I’ve always been a black-and-white type of person. I’m very factual and pragmatic. Give me the statistics, the numbers, the probabilities – I need to be informed so I got busy getting informed. I wanted to understand the tests I was undergoing, the different types of breast cancer, my treatment options, genomic testing, and on and on. Again, I approached it like a project that needed to be done. I had a squatter in my body and I needed to get rid of it. So even losing my hair, losing my nails, losing my breasts – I didn’t find it that challenging, personally. For me, it was getting the job done.
And listen, breast cancer is very common. My number came up, plain and simple. Knowing the numbers, the one-in-eight statistic, I realized that I wasn’t the first, I wasn’t going to be the last, and I wasn’t alone. This is something that many people go through. And the science, research, and advancements in treatments are incredible. I never looked at it as a death sentence – just as something that needed to be taken care of.
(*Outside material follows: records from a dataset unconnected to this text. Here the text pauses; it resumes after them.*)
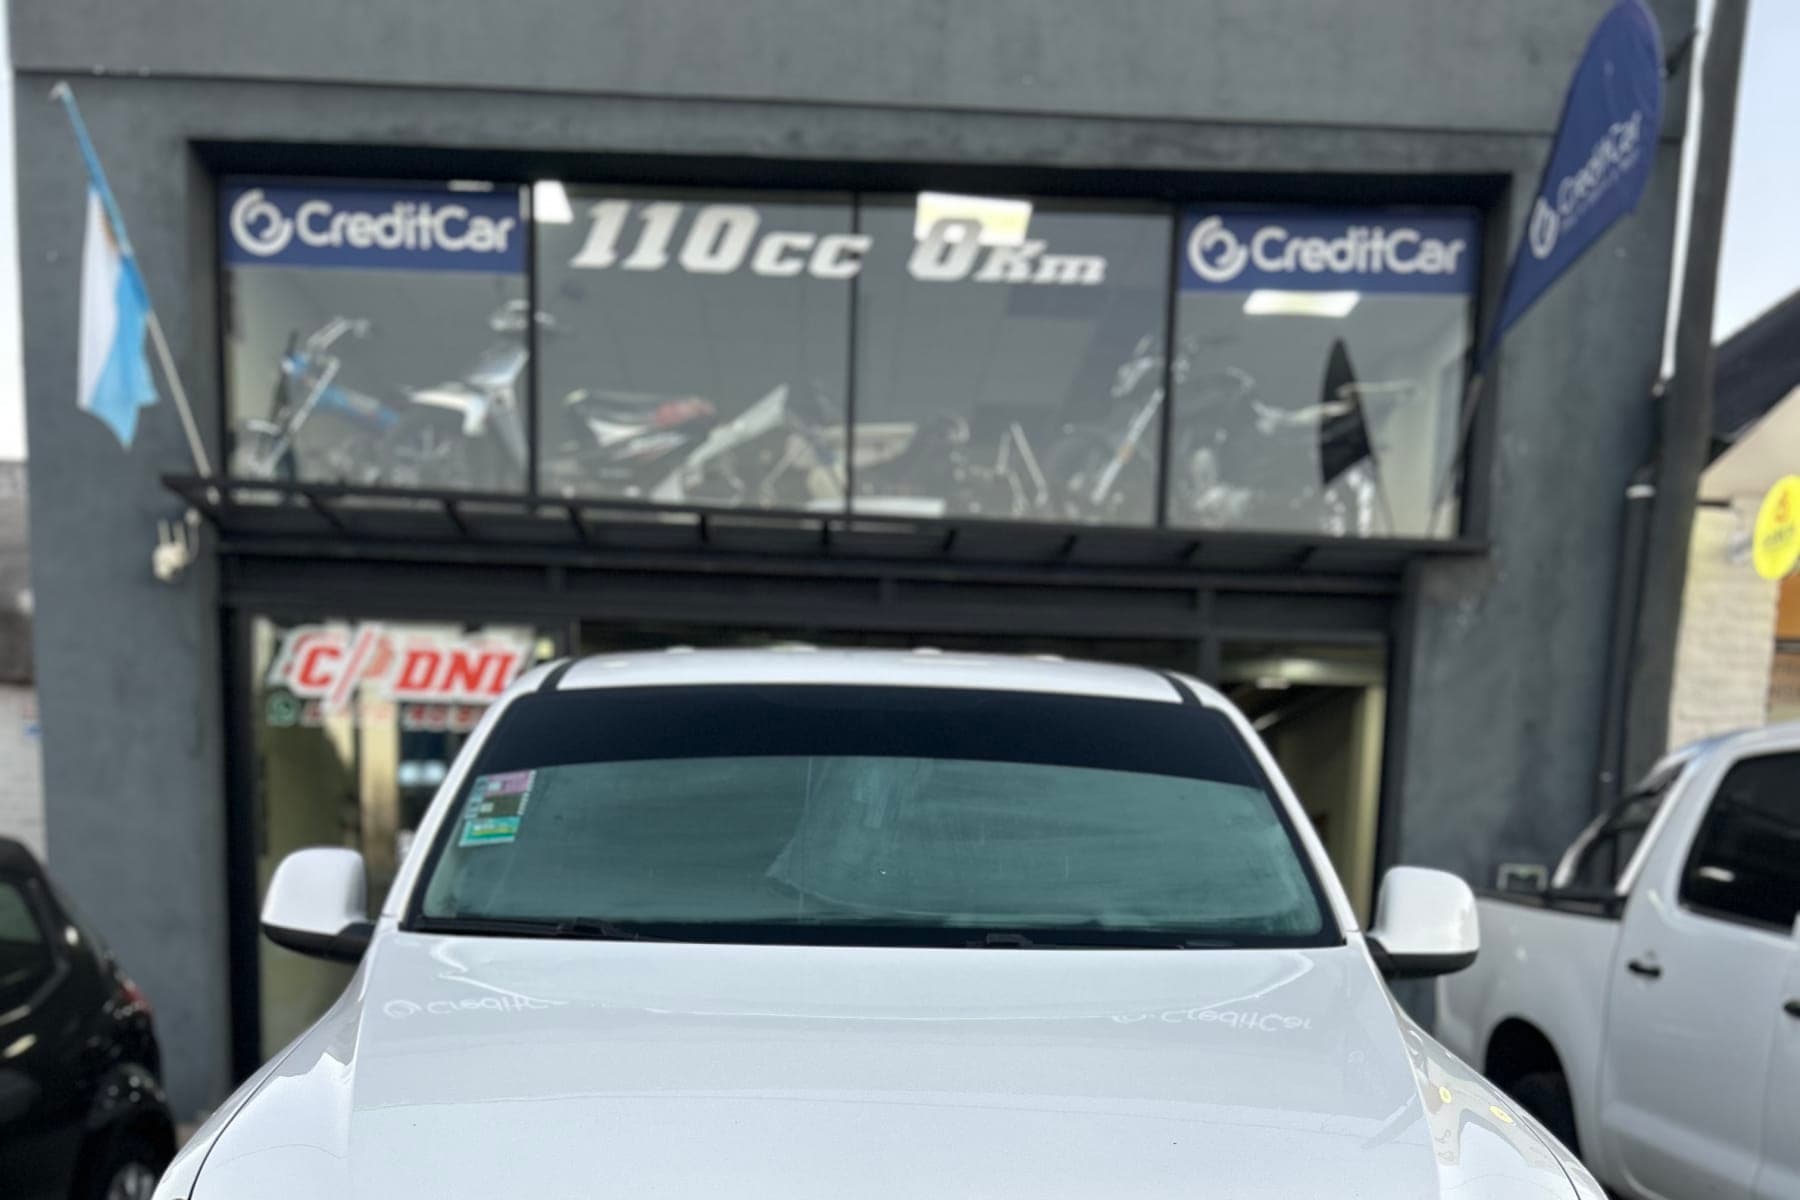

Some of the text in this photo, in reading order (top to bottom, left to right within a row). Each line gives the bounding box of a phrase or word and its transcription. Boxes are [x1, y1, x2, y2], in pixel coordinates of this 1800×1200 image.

[296, 200, 515, 252] CreditCar
[569, 199, 872, 278] 110cc
[1250, 225, 1467, 274] CreditCar
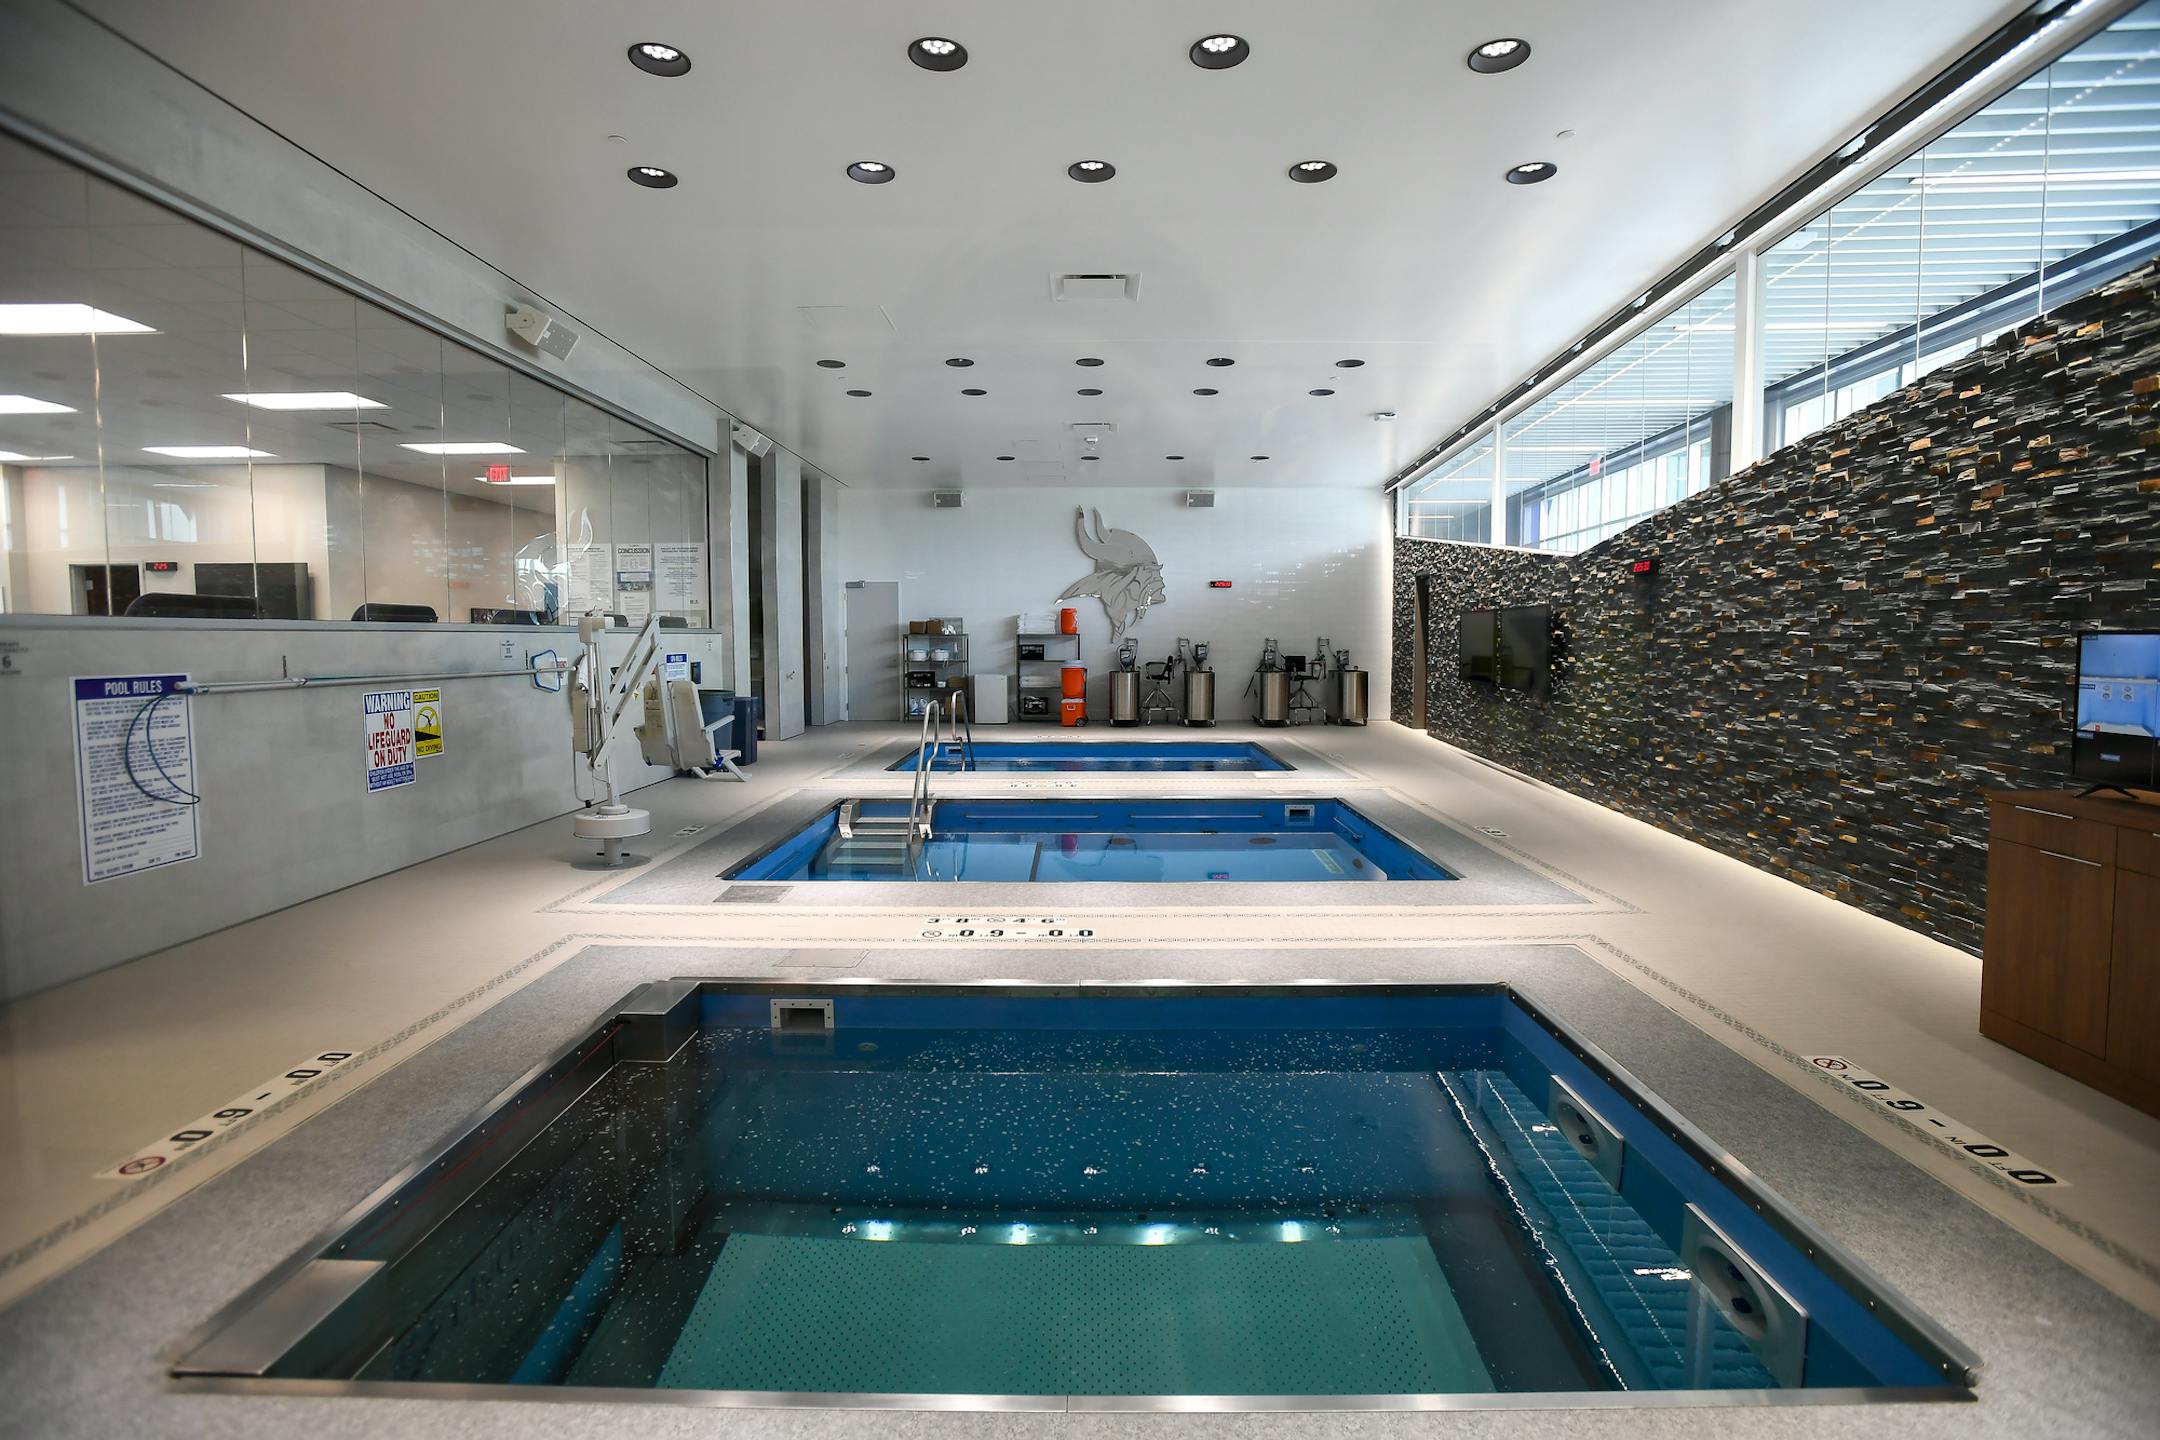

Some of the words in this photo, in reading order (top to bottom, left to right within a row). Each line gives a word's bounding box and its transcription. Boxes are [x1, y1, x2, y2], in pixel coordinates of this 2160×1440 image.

[105, 681, 130, 695] POOL
[133, 680, 163, 694] RULES
[414, 691, 439, 700] CAUTION
[365, 692, 410, 713] WARNING
[383, 712, 395, 729] NO
[368, 728, 411, 750] LIFEGUARD
[374, 749, 386, 767] ON
[388, 746, 407, 765] DUTY
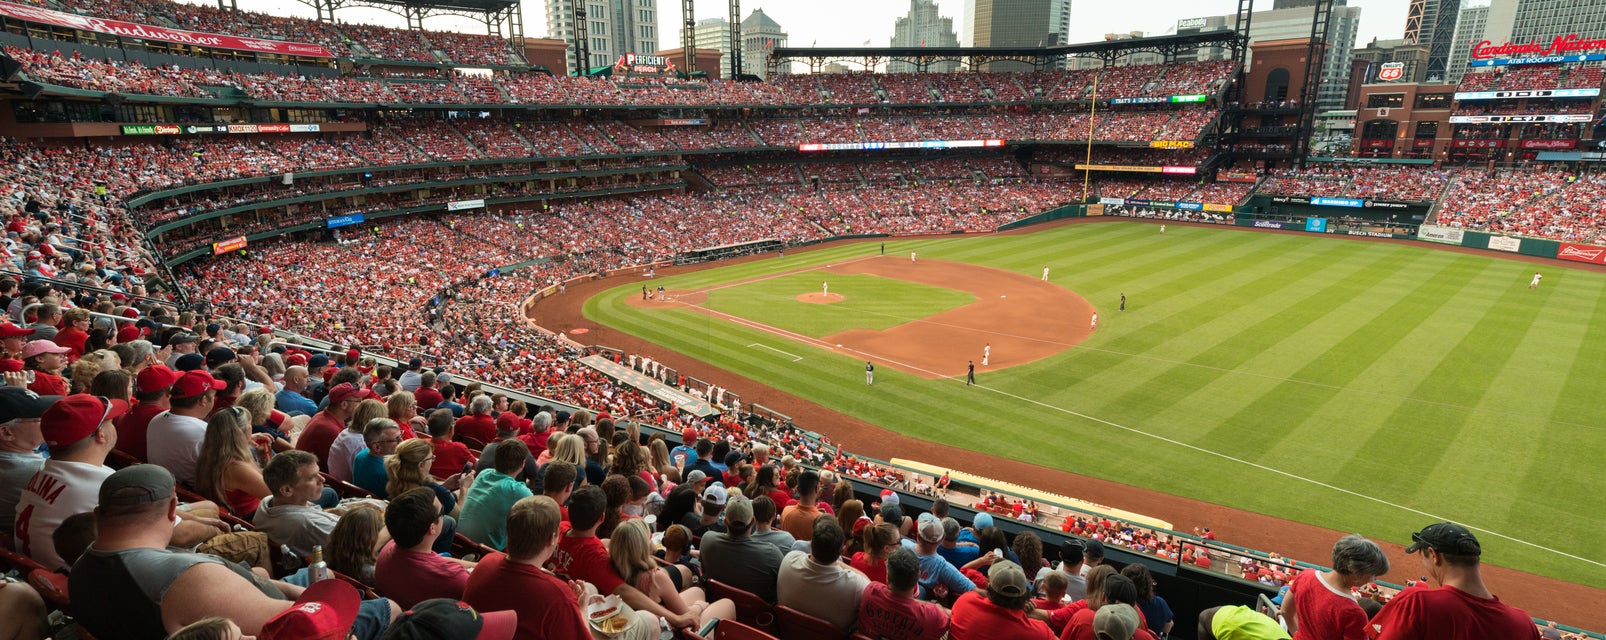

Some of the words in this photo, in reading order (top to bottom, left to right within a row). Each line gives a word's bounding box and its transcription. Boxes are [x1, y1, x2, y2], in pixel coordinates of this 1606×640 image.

[1179, 18, 1207, 27] Peabody
[91, 20, 222, 45] Budweiser
[1472, 39, 1541, 59] Cardinals
[1541, 33, 1606, 56] Nation
[626, 52, 664, 66] PERFICIENT
[1526, 56, 1564, 64] ROOFTOP
[1382, 69, 1400, 78] 66
[15, 504, 34, 559] 4
[865, 603, 924, 636] Georgia
I approach my whole life this way – with a black-and-white, factual perspective. Some people are emotional beings and others are logical beings, and I simply tend to be more logical. I always say, control what’s in your control and know what isn’t in your control. There’s no point trying to control something that’s out of our control. We’ll just drive ourselves crazy. I’ve had a long corporate career in the travel industry, and now that I’m finished treatment, I’m back at work. I needed to find “me” again, and “me” is not a patient. I was able to prove to myself more than anyone else that the old Bonnie was still there and could still lead a team. In my career, I’ve always been a team leader – I really enjoy developing a team and coaching them. The idea of “controlling what’s in your control” is something that I learned at work. As a leader, I can ask people to do something and generally they will – most people want to do a good job. But things fall through the cracks, people have bad days – and I can coach them, but I can’t demand or control, because it’s not my actions we’re talking about, it’s somebody else’s. That goes for everything. I could ask my daughter to put away her clothes, but I can’t make her. And so however they respond, whatever they do – I have a choice in how I react to that, but I don’t have control over it.
There are things in life I can control – how I reacted to my diagnosis, how I took care of myself, how I showed up every day, my attitude. How I looked and felt leaving the house – I could look frumpy and feel frumpy, or I could put on some eyeliner and have more confidence attacking the day. I could focus on staying in the moment and tackling my treatment plan one step at atime.
From the moment I got my diagnosis, I told my daughters that this is happening for a reason – and that something will have to come from it. If I can help one person through their journey, then maybe that’s my reason. It may not be a black-and-white answer. It may be something that comes in stages. I’m a very logical person so I look for that black and white, but I’m also open to all of that grey area in between.